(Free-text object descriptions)
────

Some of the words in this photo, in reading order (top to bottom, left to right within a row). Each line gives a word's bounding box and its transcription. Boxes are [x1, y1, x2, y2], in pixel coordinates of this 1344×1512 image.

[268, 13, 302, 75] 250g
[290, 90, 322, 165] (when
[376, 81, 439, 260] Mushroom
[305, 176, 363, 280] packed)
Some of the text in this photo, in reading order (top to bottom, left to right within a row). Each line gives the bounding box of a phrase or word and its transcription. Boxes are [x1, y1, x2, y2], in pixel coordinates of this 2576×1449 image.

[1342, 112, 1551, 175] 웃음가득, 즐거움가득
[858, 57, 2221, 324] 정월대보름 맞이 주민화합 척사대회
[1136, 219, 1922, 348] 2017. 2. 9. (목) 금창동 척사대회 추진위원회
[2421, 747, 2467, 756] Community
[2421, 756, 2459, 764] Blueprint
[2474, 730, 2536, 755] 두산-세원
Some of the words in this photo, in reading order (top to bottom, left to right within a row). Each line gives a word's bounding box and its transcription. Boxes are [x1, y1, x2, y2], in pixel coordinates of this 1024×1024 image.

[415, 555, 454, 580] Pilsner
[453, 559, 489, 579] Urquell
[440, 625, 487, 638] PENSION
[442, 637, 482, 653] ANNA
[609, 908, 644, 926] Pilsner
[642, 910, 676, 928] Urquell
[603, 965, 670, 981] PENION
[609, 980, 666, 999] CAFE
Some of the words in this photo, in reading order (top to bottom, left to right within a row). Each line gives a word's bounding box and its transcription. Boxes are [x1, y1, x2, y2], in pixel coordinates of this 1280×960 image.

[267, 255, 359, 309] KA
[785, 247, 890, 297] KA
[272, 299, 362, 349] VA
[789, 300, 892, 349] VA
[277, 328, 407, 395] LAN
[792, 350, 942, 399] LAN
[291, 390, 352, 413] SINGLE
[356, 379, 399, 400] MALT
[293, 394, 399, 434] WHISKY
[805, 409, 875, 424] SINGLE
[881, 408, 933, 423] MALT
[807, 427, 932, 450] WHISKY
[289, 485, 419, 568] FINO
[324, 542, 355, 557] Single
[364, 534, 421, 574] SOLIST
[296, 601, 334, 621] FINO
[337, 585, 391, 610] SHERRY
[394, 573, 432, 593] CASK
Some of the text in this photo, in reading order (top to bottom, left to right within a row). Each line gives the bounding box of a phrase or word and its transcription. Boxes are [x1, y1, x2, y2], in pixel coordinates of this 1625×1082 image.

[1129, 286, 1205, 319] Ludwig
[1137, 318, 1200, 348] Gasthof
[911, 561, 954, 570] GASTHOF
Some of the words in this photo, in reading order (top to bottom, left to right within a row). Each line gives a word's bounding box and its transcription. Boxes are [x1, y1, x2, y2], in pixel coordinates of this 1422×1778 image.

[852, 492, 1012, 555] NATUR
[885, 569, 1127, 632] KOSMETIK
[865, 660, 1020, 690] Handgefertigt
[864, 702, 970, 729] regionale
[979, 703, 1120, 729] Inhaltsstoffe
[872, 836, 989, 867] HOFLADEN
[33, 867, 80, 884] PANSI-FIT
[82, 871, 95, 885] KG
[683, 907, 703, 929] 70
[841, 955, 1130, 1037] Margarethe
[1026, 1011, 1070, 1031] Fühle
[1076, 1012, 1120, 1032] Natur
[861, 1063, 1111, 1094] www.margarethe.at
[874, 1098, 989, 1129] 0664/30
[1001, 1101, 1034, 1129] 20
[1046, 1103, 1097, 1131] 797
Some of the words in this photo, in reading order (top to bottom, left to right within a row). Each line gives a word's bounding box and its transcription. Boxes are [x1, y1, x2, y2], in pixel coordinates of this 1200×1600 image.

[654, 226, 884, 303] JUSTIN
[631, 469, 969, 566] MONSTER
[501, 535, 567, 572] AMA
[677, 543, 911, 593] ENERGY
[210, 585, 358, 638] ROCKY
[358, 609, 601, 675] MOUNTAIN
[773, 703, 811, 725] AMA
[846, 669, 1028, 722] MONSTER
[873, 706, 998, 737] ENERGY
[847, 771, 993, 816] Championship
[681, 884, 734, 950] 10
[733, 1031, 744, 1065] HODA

────

Keep the wording exact. Give all of the records again.

Finished task:
Some of the words in this photo, in reading order (top to bottom, left to right within a row). Each line gives a word's bounding box and its transcription. Boxes are [x1, y1, x2, y2], in pixel coordinates of this 1344×1512 image.

[268, 13, 302, 75] 250g
[290, 90, 322, 165] (when
[376, 81, 439, 260] Mushroom
[305, 176, 363, 280] packed)
Some of the text in this photo, in reading order (top to bottom, left to right within a row). Each line gives the bounding box of a phrase or word and its transcription. Boxes are [x1, y1, x2, y2], in pixel coordinates of this 2576×1449 image.

[1342, 112, 1551, 175] 웃음가득, 즐거움가득
[858, 57, 2221, 324] 정월대보름 맞이 주민화합 척사대회
[1136, 219, 1922, 348] 2017. 2. 9. (목) 금창동 척사대회 추진위원회
[2421, 747, 2467, 756] Community
[2421, 756, 2459, 764] Blueprint
[2474, 730, 2536, 755] 두산-세원
Some of the words in this photo, in reading order (top to bottom, left to right within a row). Each line gives a word's bounding box and its transcription. Boxes are [x1, y1, x2, y2], in pixel coordinates of this 1024×1024 image.

[415, 555, 454, 580] Pilsner
[453, 559, 489, 579] Urquell
[440, 625, 487, 638] PENSION
[442, 637, 482, 653] ANNA
[609, 908, 644, 926] Pilsner
[642, 910, 676, 928] Urquell
[603, 965, 670, 981] PENION
[609, 980, 666, 999] CAFE
Some of the words in this photo, in reading order (top to bottom, left to right within a row). Each line gives a word's bounding box and its transcription. Boxes are [x1, y1, x2, y2], in pixel coordinates of this 1280×960 image.

[267, 255, 359, 309] KA
[785, 247, 890, 297] KA
[272, 299, 362, 349] VA
[789, 300, 892, 349] VA
[277, 328, 407, 395] LAN
[792, 350, 942, 399] LAN
[291, 390, 352, 413] SINGLE
[356, 379, 399, 400] MALT
[293, 394, 399, 434] WHISKY
[805, 409, 875, 424] SINGLE
[881, 408, 933, 423] MALT
[807, 427, 932, 450] WHISKY
[289, 485, 419, 568] FINO
[324, 542, 355, 557] Single
[364, 534, 421, 574] SOLIST
[296, 601, 334, 621] FINO
[337, 585, 391, 610] SHERRY
[394, 573, 432, 593] CASK
Some of the text in this photo, in reading order (top to bottom, left to right within a row). Each line gives the bounding box of a phrase or word and its transcription. Boxes are [x1, y1, x2, y2], in pixel coordinates of this 1625×1082 image.

[1129, 286, 1205, 319] Ludwig
[1137, 318, 1200, 348] Gasthof
[911, 561, 954, 570] GASTHOF
Some of the words in this photo, in reading order (top to bottom, left to right within a row). Each line gives a word's bounding box and its transcription. Boxes are [x1, y1, x2, y2], in pixel coordinates of this 1422×1778 image.

[852, 492, 1012, 555] NATUR
[885, 569, 1127, 632] KOSMETIK
[865, 660, 1020, 690] Handgefertigt
[864, 702, 970, 729] regionale
[979, 703, 1120, 729] Inhaltsstoffe
[872, 836, 989, 867] HOFLADEN
[33, 867, 80, 884] PANSI-FIT
[82, 871, 95, 885] KG
[683, 907, 703, 929] 70
[841, 955, 1130, 1037] Margarethe
[1026, 1011, 1070, 1031] Fühle
[1076, 1012, 1120, 1032] Natur
[861, 1063, 1111, 1094] www.margarethe.at
[874, 1098, 989, 1129] 0664/30
[1001, 1101, 1034, 1129] 20
[1046, 1103, 1097, 1131] 797
Some of the words in this photo, in reading order (top to bottom, left to right within a row). Each line gives a word's bounding box and its transcription. Boxes are [x1, y1, x2, y2], in pixel coordinates of this 1200×1600 image.

[654, 226, 884, 303] JUSTIN
[631, 469, 969, 566] MONSTER
[501, 535, 567, 572] AMA
[677, 543, 911, 593] ENERGY
[210, 585, 358, 638] ROCKY
[358, 609, 601, 675] MOUNTAIN
[773, 703, 811, 725] AMA
[846, 669, 1028, 722] MONSTER
[873, 706, 998, 737] ENERGY
[847, 771, 993, 816] Championship
[681, 884, 734, 950] 10
[733, 1031, 744, 1065] HODA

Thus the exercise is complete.